Families, children and young people:

  • We found there were systems to identify and follow up children living in disadvantaged circumstances and who were at risk, for example, children and young people who had a high number of accident and emergency (A&E) attendances.
  • All parents or guardians calling with concerns about a child under the age of 18 were offered a same day appointment when necessary.

Working age people (including those recently retired and students):

  • The needs of this population group had been identified and the practice had adjusted the services it offered to ensure these were accessible, flexible and offered continuity of care. For example, extended opening hours and Saturday appointments.
  • People who worked and found it difficult to attend the practice could access online consultations via the practice website.
  • The practice worked with the clinical commissioning group (CCG) to offer access to appointments on weekday evenings and at weekends via the local out of hours provider.
  • Patients could order their repeat prescriptions online and have these sent to the pharmacy of their choice.
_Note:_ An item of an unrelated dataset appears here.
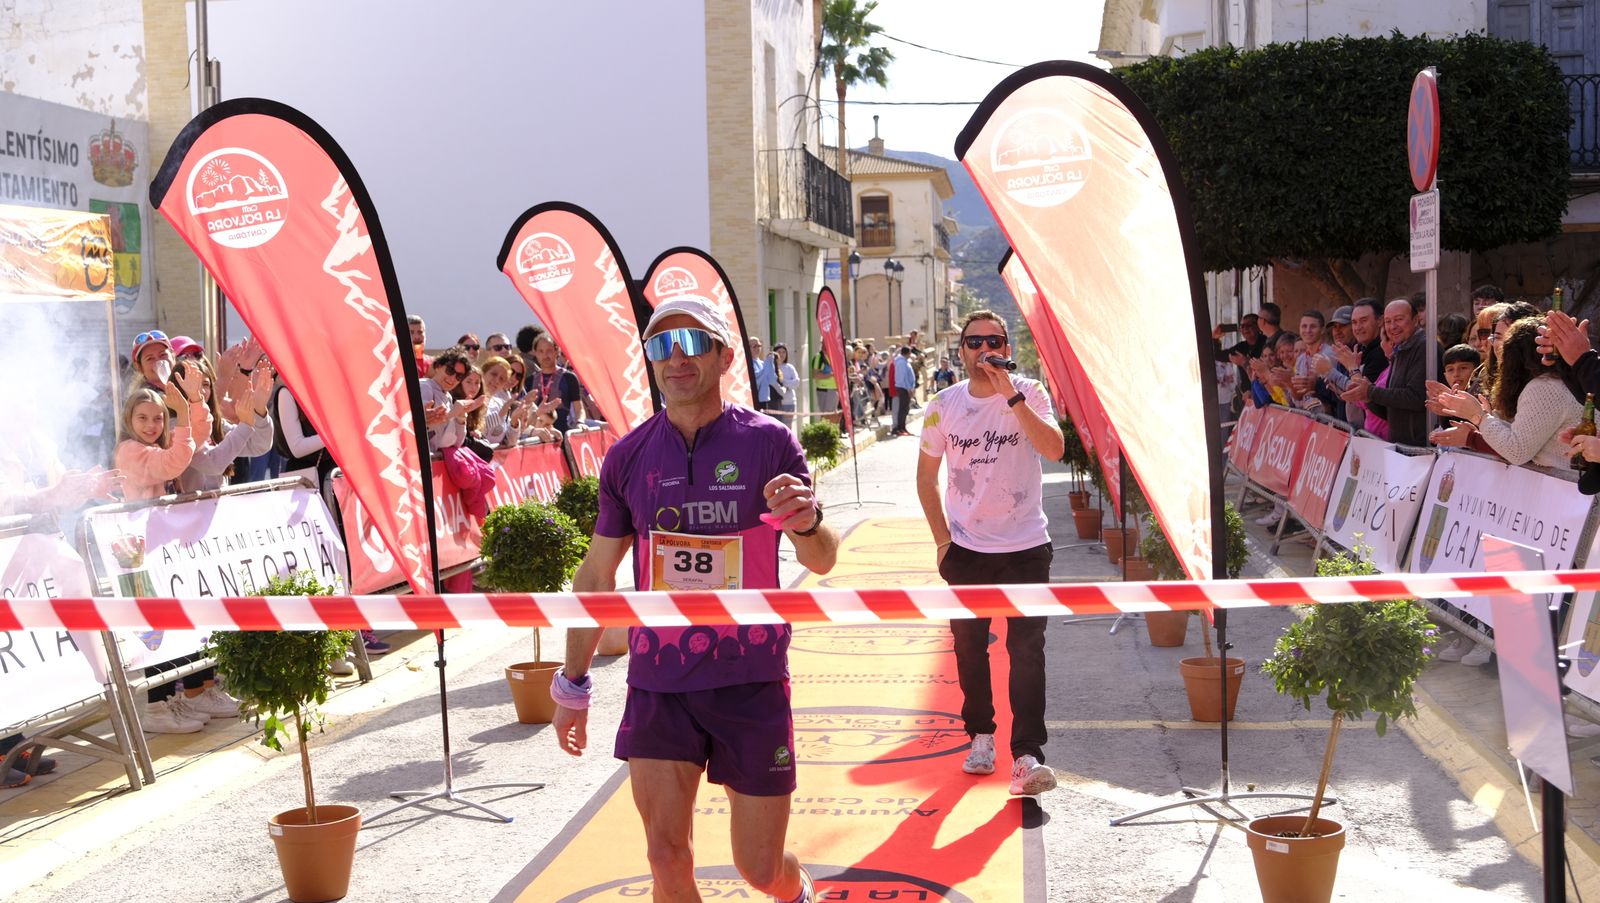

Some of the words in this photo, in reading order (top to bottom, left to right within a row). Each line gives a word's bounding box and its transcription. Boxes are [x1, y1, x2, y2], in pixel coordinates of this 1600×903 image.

People whose circumstances make them vulnerable:

  • The practice held a register of patients living in vulnerable circumstances including homeless people and those with a learning disability.
  • People in vulnerable circumstances were easily able to register with the practice, including those with no fixed abode.
  • Staff were trained to support carers and identify any extra support this group of patients required.

People experiencing poor mental health (including people with dementia):

  • Staff interviewed had a good understanding of how to support patients with mental health needs and those patients living with dementia.
  • One of the GPs undertook a weekly visit to a mental health rehabilitation unit to provide physical care to residents living at the unit.
  • There was a visiting talking therapies service which supported patients with mental health problems.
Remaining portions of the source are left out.